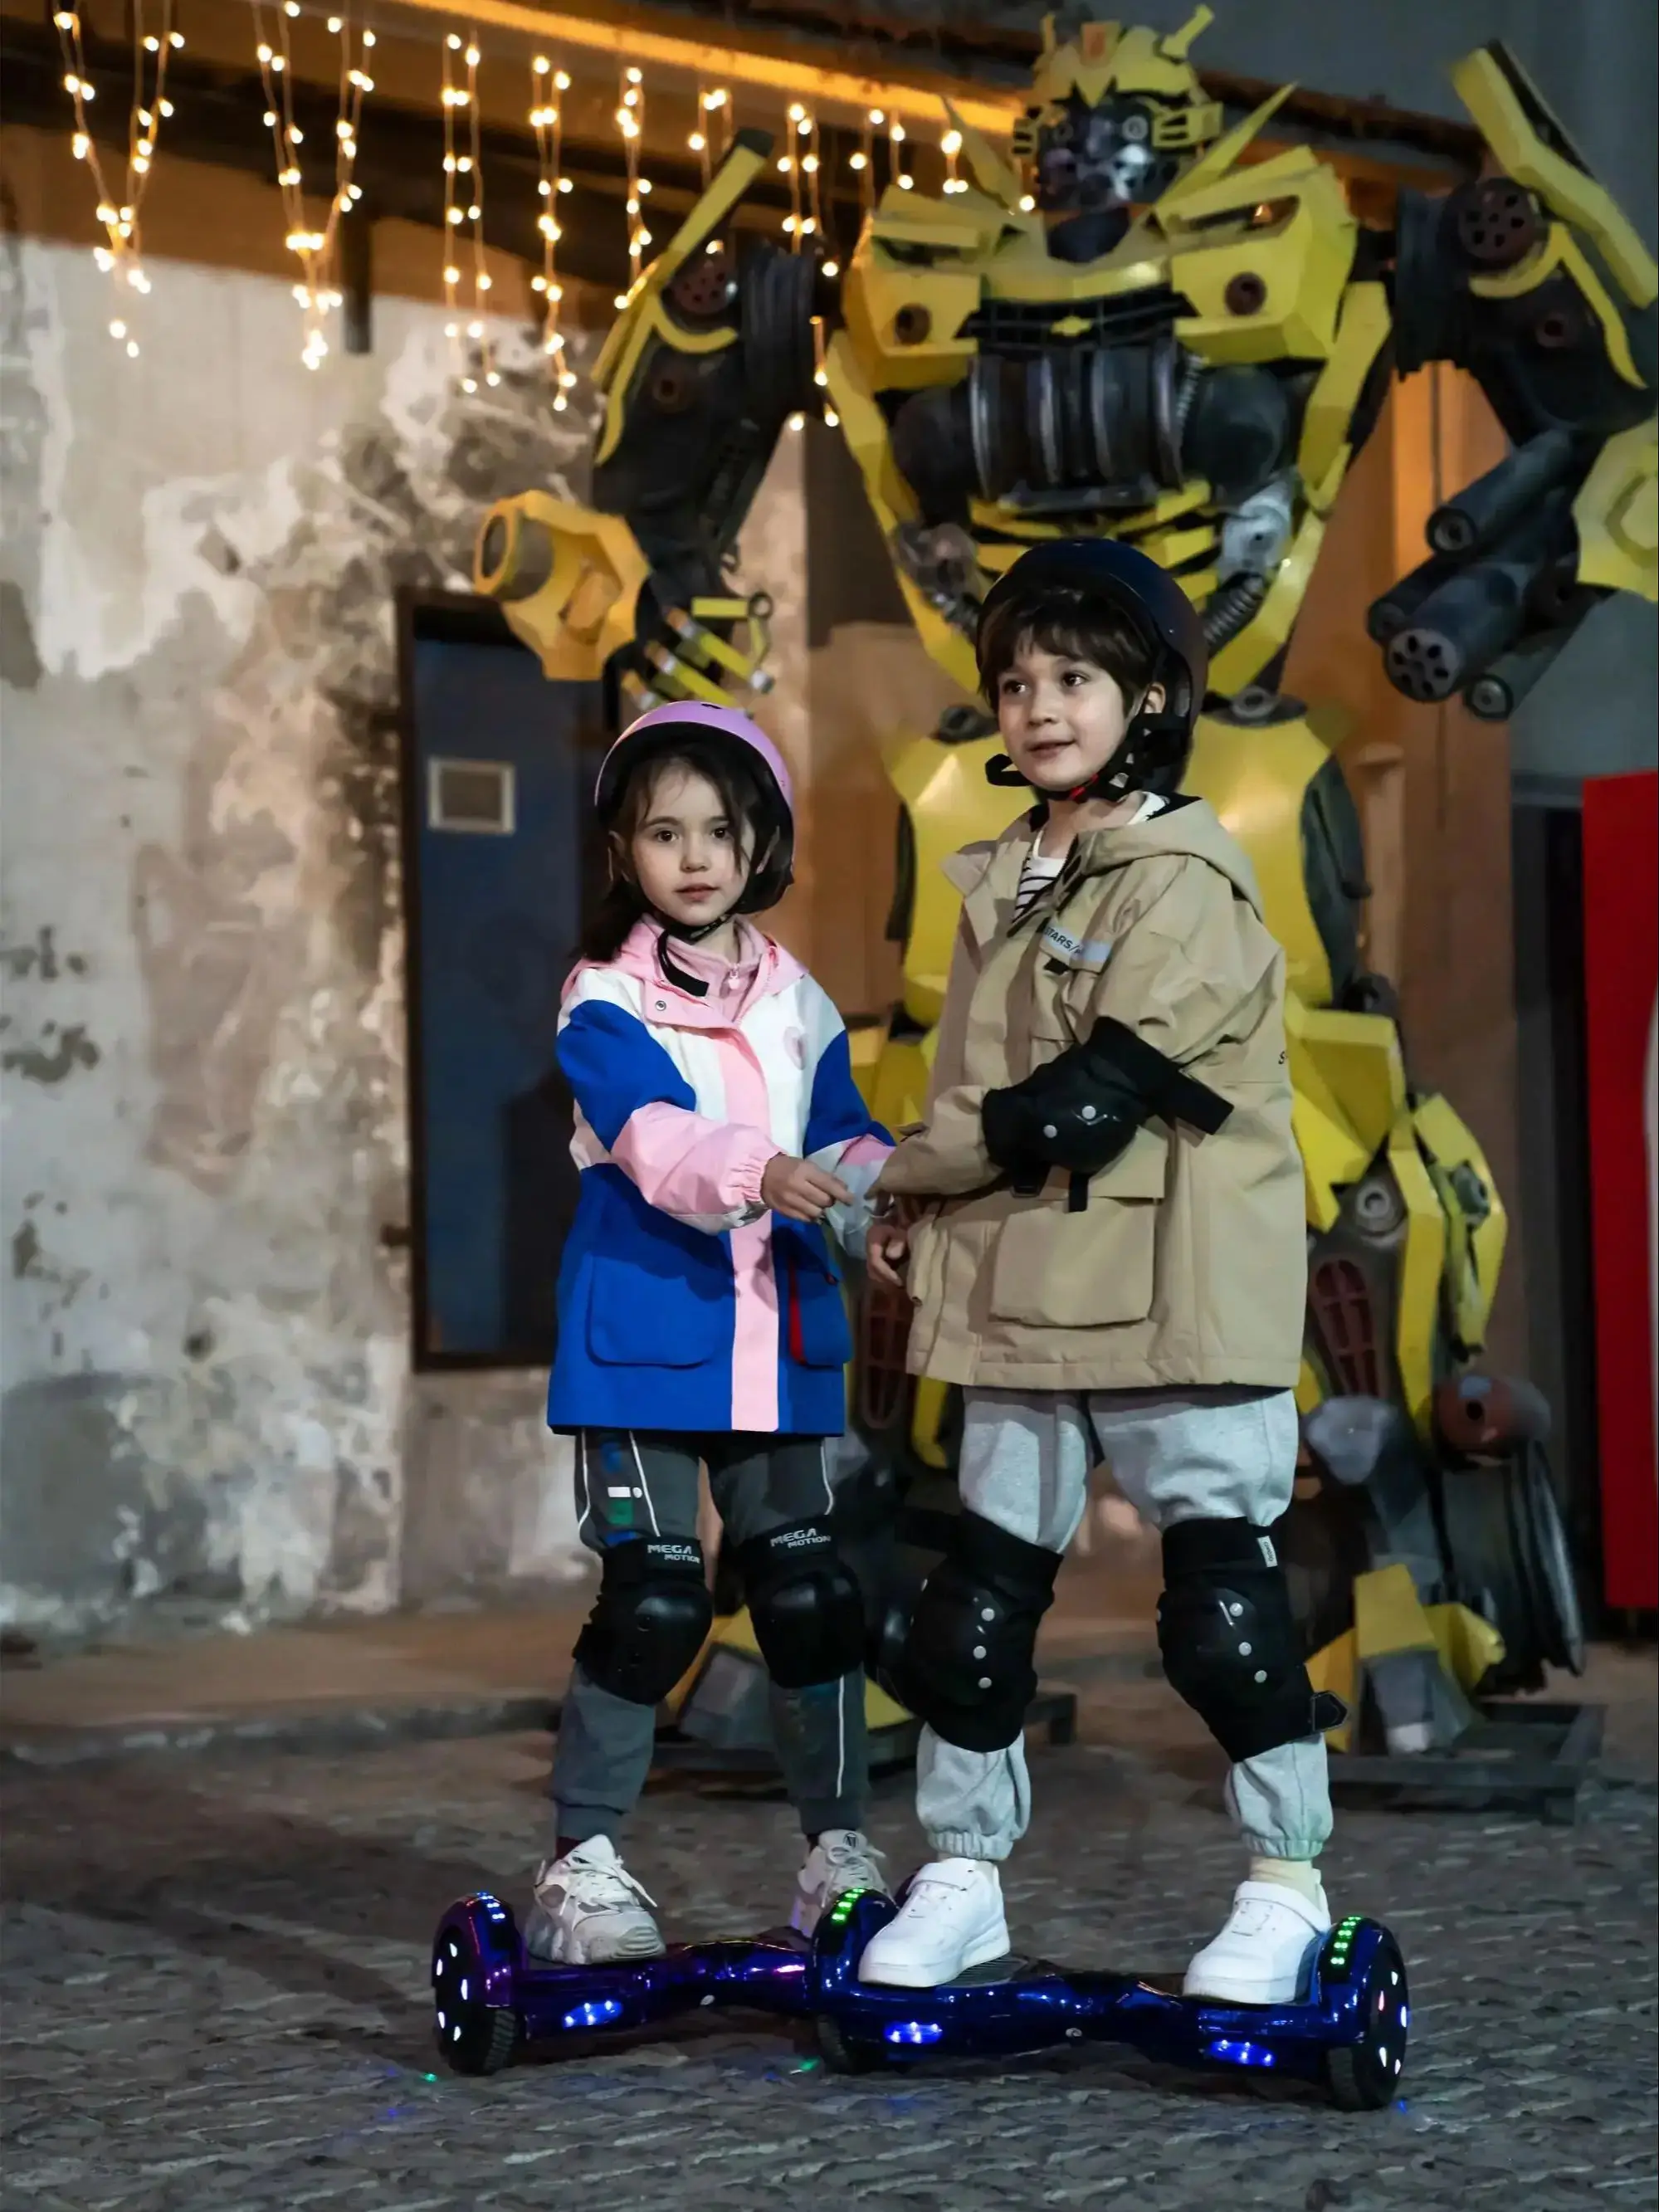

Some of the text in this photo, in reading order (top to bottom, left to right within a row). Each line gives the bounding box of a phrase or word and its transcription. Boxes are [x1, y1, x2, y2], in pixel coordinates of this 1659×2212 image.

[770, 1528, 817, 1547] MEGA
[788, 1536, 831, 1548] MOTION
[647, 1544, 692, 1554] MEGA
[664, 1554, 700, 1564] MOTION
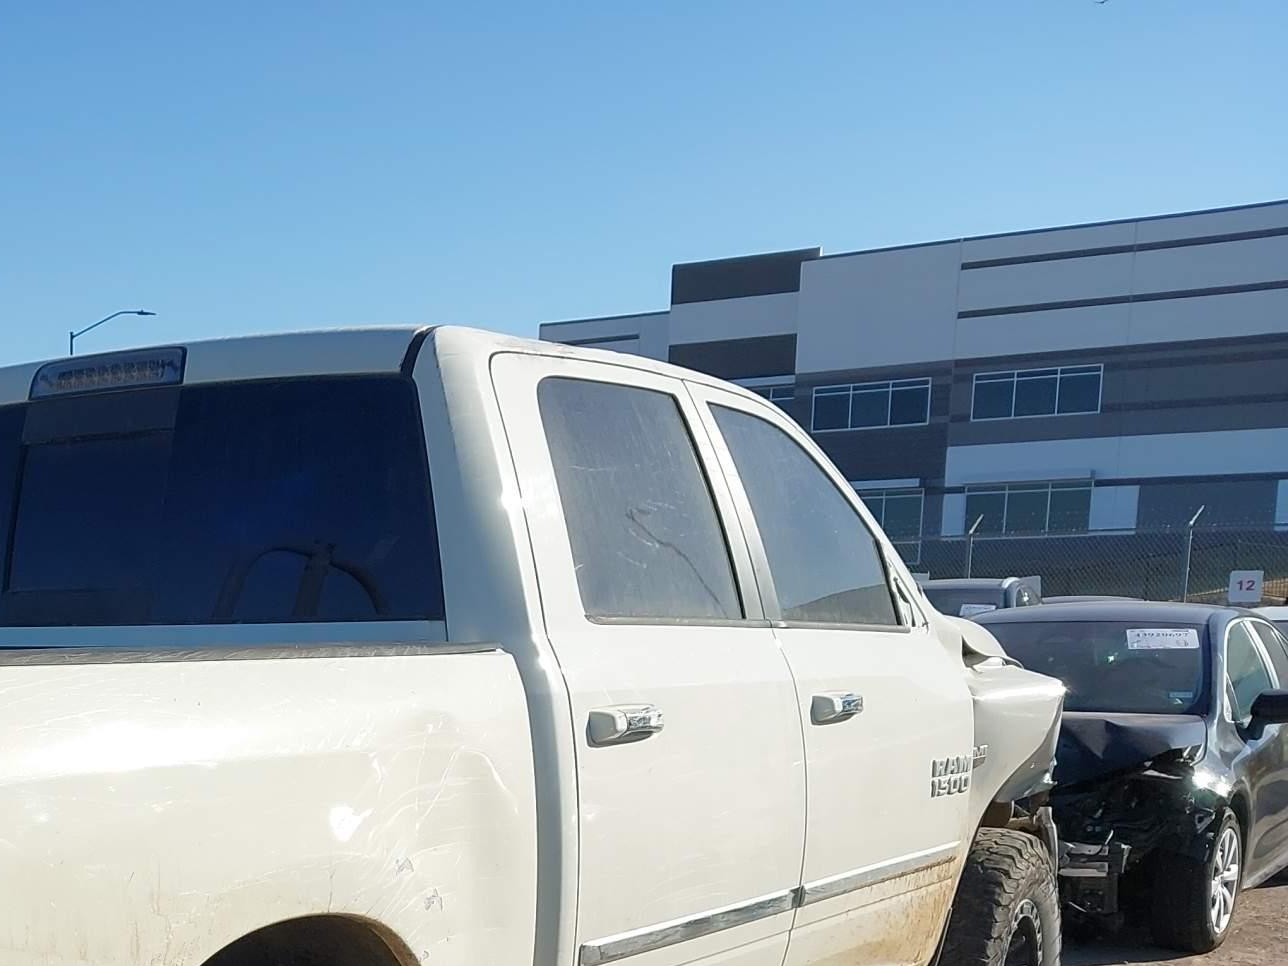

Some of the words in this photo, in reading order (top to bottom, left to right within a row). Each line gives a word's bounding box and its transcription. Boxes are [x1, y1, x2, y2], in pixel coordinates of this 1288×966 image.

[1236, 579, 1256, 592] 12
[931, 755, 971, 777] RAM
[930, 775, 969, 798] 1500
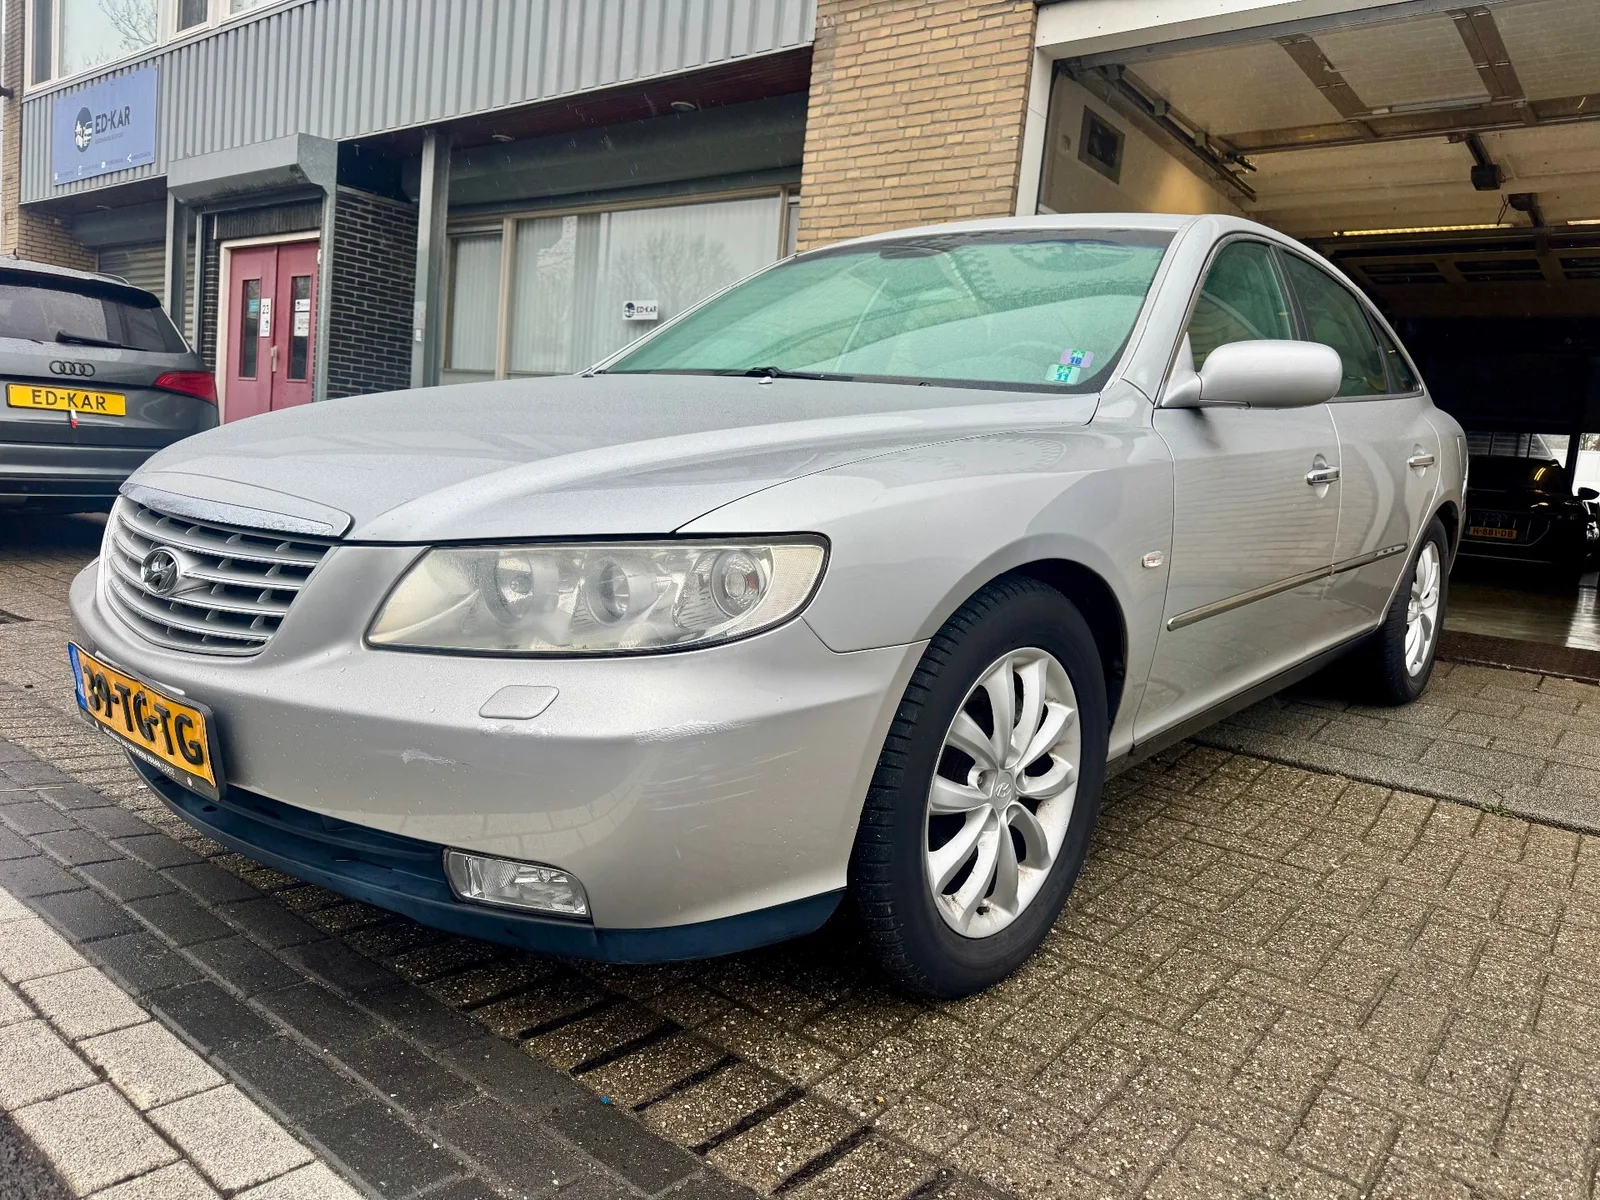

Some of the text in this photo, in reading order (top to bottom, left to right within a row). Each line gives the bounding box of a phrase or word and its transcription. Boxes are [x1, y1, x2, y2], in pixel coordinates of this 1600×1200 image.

————————

Leave the pictures out, then print every entry exactly as it reads.

Solution for this problem:
Some of the text in this photo, in reading order (top to bottom, left to right within a row). Each line gives the bounding box of a phrase or word and its transcription. Boxes are [x1, y1, x2, y2], in pixel coordinates of this 1659×2212 image.

[770, 1528, 817, 1547] MEGA
[788, 1536, 831, 1548] MOTION
[647, 1544, 692, 1554] MEGA
[664, 1554, 700, 1564] MOTION

Some of the words in this photo, in reading order (top to bottom, left to right within a row). Each line gives a word's bounding box and its transcription. Boxes are [x1, y1, x2, y2], in pixel coordinates of this 1288×966 image.

[1236, 579, 1256, 592] 12
[931, 755, 971, 777] RAM
[930, 775, 969, 798] 1500

Some of the text in this photo, in reading order (top to bottom, left to right within a row). Each line gives the bounding box of a phrase or word and its transcription. Boxes are [x1, y1, x2, y2], in pixel coordinates of this 1600×1200 image.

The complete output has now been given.